__TASK DESCRIPTION__.
The entries that follow should be repeated exactly, with no pictures kept.

__SUPPLIED RECORDS__.
::::::::
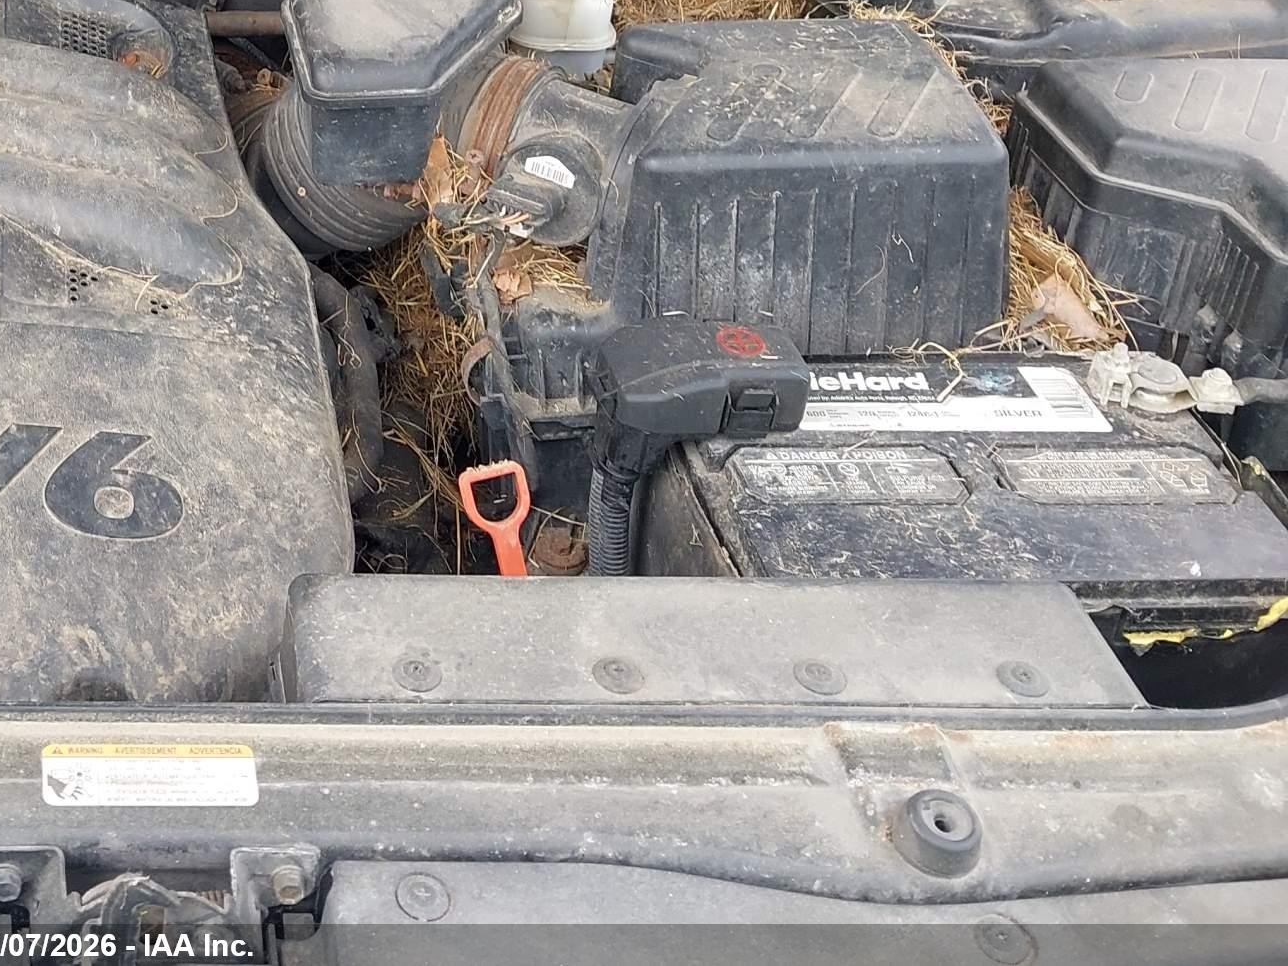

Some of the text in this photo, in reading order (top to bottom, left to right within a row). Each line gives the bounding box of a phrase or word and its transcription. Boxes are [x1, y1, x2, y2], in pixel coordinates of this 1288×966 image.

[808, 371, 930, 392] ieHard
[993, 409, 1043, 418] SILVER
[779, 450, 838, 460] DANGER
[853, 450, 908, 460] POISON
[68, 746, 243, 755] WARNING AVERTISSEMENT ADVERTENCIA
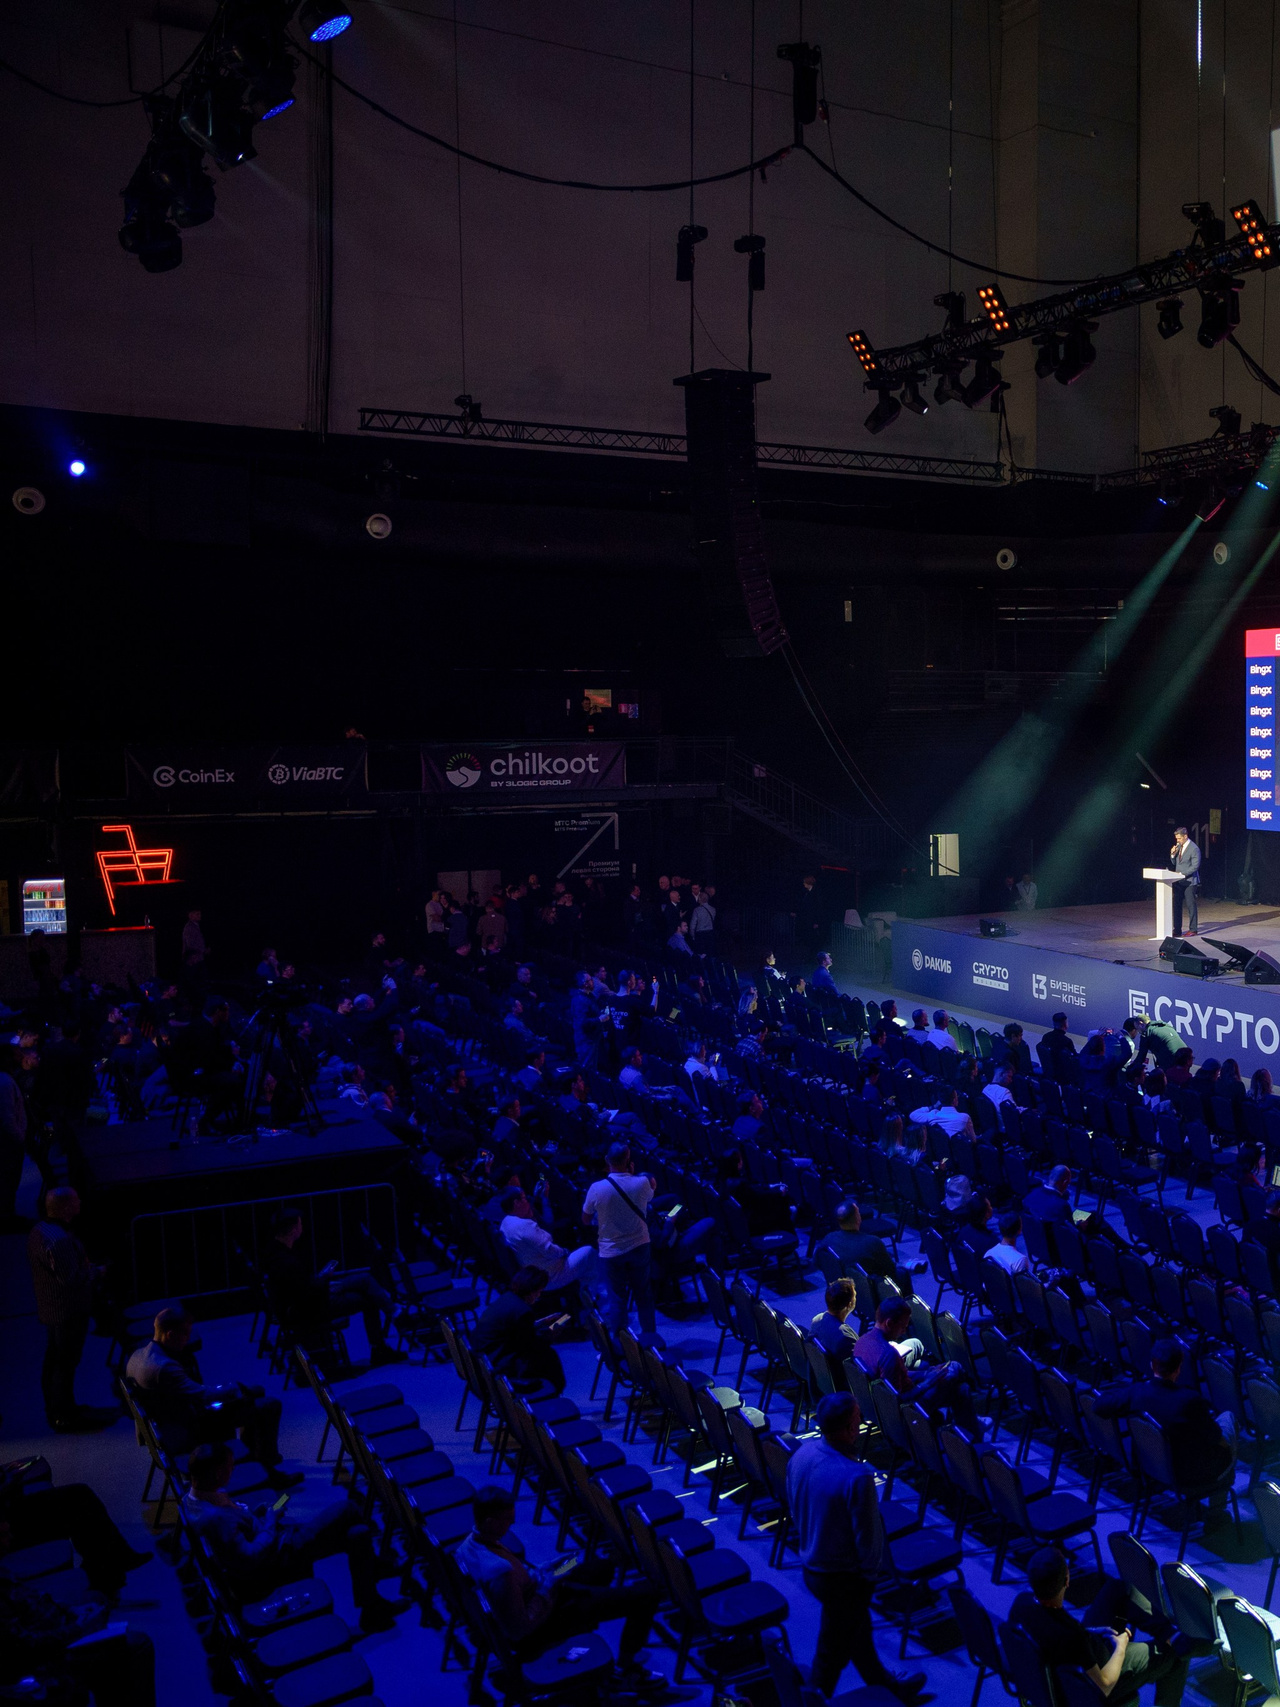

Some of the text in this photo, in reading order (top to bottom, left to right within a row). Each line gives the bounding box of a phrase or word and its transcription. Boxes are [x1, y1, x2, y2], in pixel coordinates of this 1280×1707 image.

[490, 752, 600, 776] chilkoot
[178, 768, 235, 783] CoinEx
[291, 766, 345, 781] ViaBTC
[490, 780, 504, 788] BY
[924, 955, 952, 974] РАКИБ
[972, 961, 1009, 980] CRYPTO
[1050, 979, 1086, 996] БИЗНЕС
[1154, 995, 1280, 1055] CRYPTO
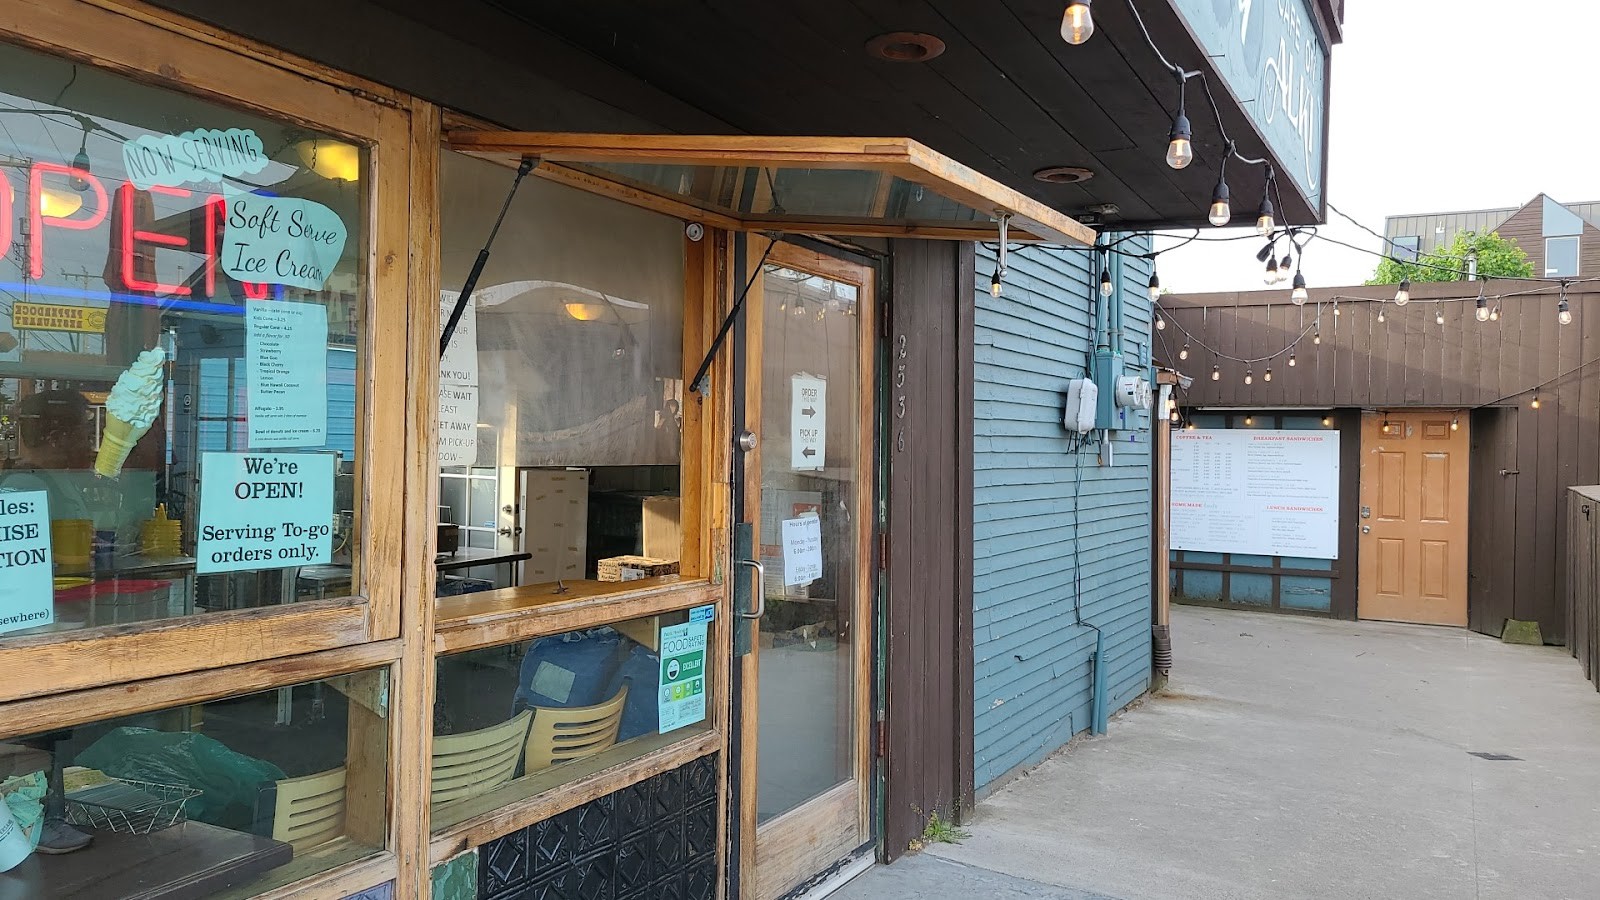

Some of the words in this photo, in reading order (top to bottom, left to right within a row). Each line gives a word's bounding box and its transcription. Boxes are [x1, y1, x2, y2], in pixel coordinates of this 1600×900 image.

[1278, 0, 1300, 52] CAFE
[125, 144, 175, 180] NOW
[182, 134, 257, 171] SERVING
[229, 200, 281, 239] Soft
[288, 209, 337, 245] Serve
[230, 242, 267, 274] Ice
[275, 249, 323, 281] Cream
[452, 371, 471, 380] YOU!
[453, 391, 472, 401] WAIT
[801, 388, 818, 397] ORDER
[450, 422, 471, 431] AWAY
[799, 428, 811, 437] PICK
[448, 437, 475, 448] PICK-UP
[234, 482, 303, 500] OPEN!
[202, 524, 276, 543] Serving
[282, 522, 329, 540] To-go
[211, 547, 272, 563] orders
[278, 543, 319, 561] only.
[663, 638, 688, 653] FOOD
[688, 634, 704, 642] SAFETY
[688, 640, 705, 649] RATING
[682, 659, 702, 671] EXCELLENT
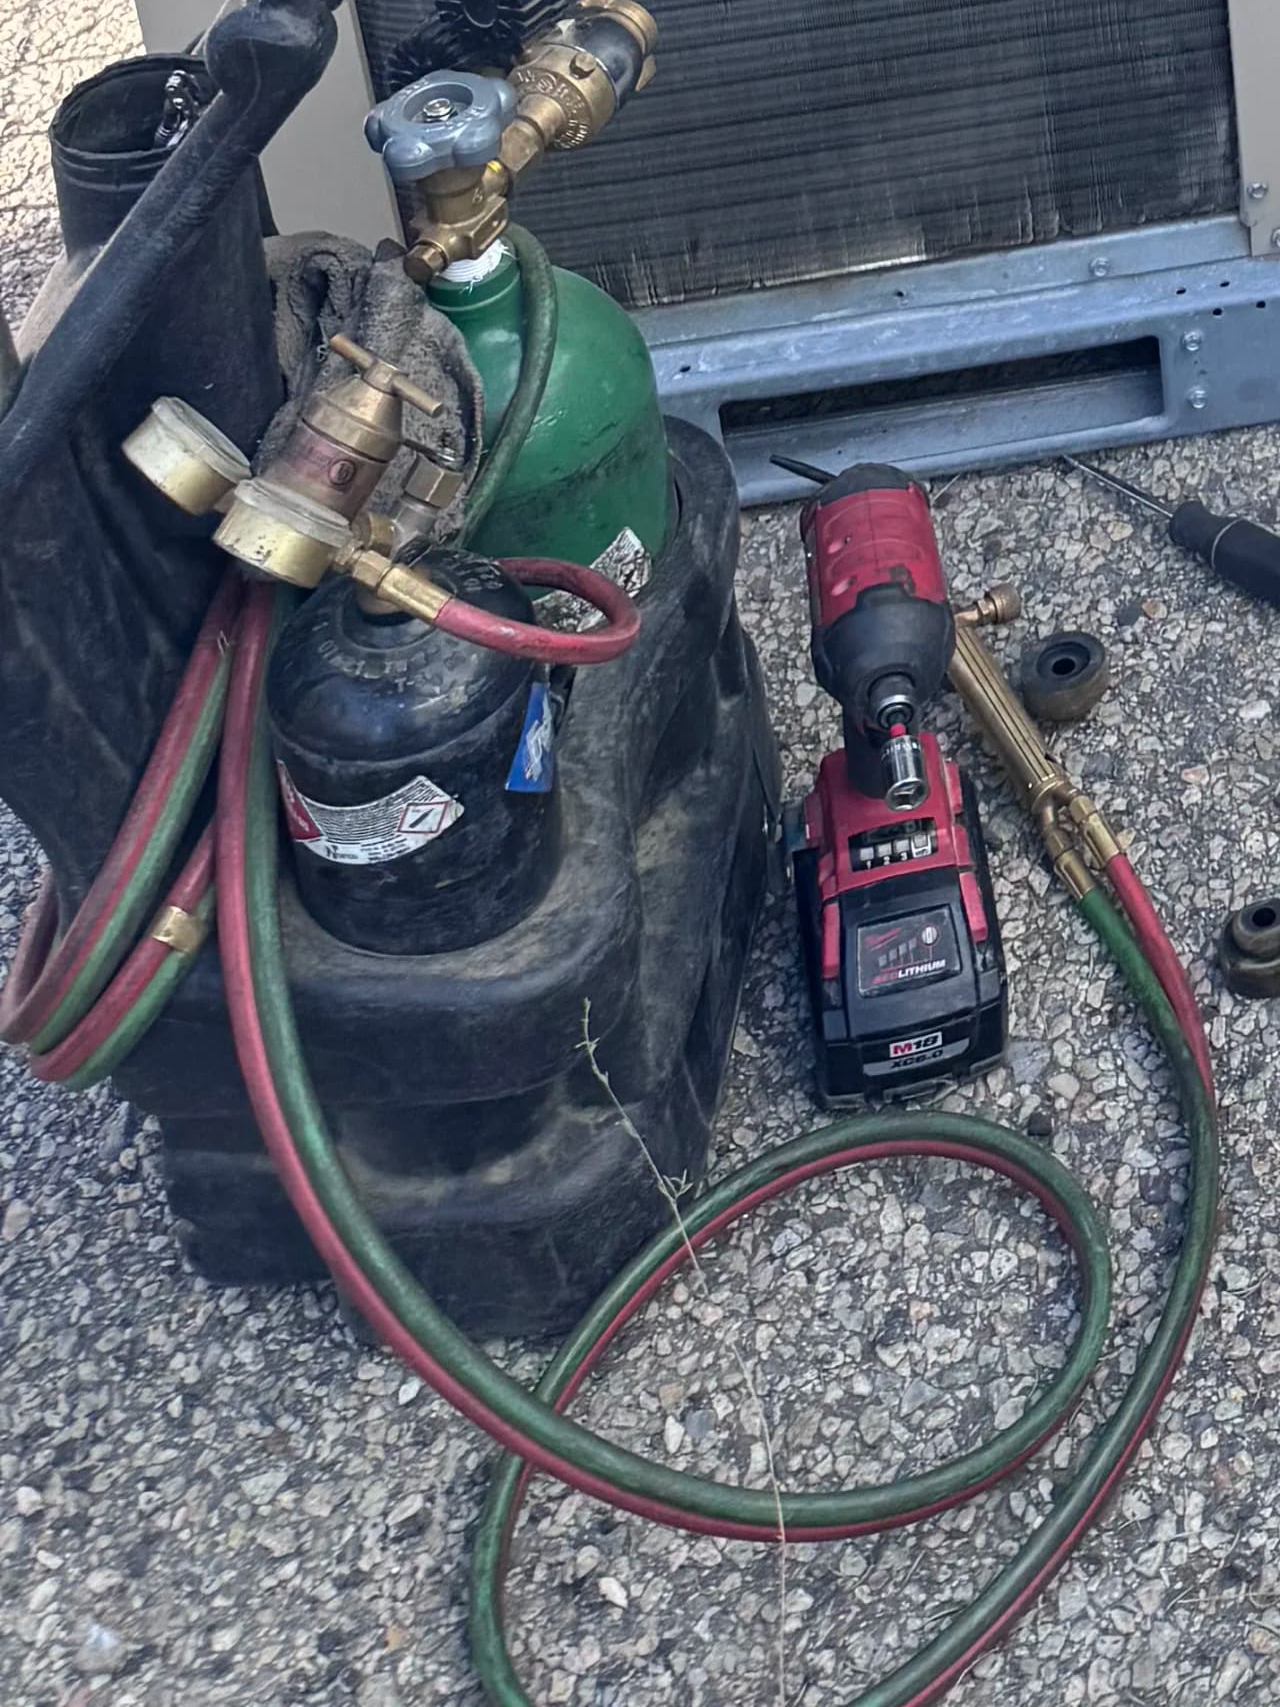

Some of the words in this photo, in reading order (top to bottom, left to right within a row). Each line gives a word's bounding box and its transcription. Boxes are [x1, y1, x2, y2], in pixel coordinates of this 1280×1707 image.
::::::::
__EXERCISE RESULT__.
Some of the text in this photo, in reading order (top to bottom, left to right within a row). Each line gives the bounding box of a phrase or word and its transcription. Boxes are [x1, y1, x2, y2], in pixel coordinates of this 1288×966 image.

[808, 371, 930, 392] ieHard
[993, 409, 1043, 418] SILVER
[779, 450, 838, 460] DANGER
[853, 450, 908, 460] POISON
[68, 746, 243, 755] WARNING AVERTISSEMENT ADVERTENCIA

Some of the text in this photo, in reading order (top to bottom, left to right within a row). Each line gives the bounding box of a phrase or word and its transcription. Boxes are [x1, y1, x2, y2], in pixel coordinates of this 1280×1707 image.

[490, 752, 600, 776] chilkoot
[178, 768, 235, 783] CoinEx
[291, 766, 345, 781] ViaBTC
[490, 780, 504, 788] BY
[924, 955, 952, 974] РАКИБ
[972, 961, 1009, 980] CRYPTO
[1050, 979, 1086, 996] БИЗНЕС
[1154, 995, 1280, 1055] CRYPTO

Some of the words in this photo, in reading order (top to bottom, left to right within a row). Each line gives a word's bounding box and its transcription. Boxes are [x1, y1, x2, y2], in pixel coordinates of this 1600×900 image.

[1278, 0, 1300, 52] CAFE
[125, 144, 175, 180] NOW
[182, 134, 257, 171] SERVING
[229, 200, 281, 239] Soft
[288, 209, 337, 245] Serve
[230, 242, 267, 274] Ice
[275, 249, 323, 281] Cream
[452, 371, 471, 380] YOU!
[453, 391, 472, 401] WAIT
[801, 388, 818, 397] ORDER
[450, 422, 471, 431] AWAY
[799, 428, 811, 437] PICK
[448, 437, 475, 448] PICK-UP
[234, 482, 303, 500] OPEN!
[202, 524, 276, 543] Serving
[282, 522, 329, 540] To-go
[211, 547, 272, 563] orders
[278, 543, 319, 561] only.
[663, 638, 688, 653] FOOD
[688, 634, 704, 642] SAFETY
[688, 640, 705, 649] RATING
[682, 659, 702, 671] EXCELLENT

Some of the words in this photo, in reading order (top to bottom, left to right within a row). Each line gives a word's bounding box and its transcription. Boxes are [x1, y1, x2, y2], in pixel coordinates of this 1280×1707 image.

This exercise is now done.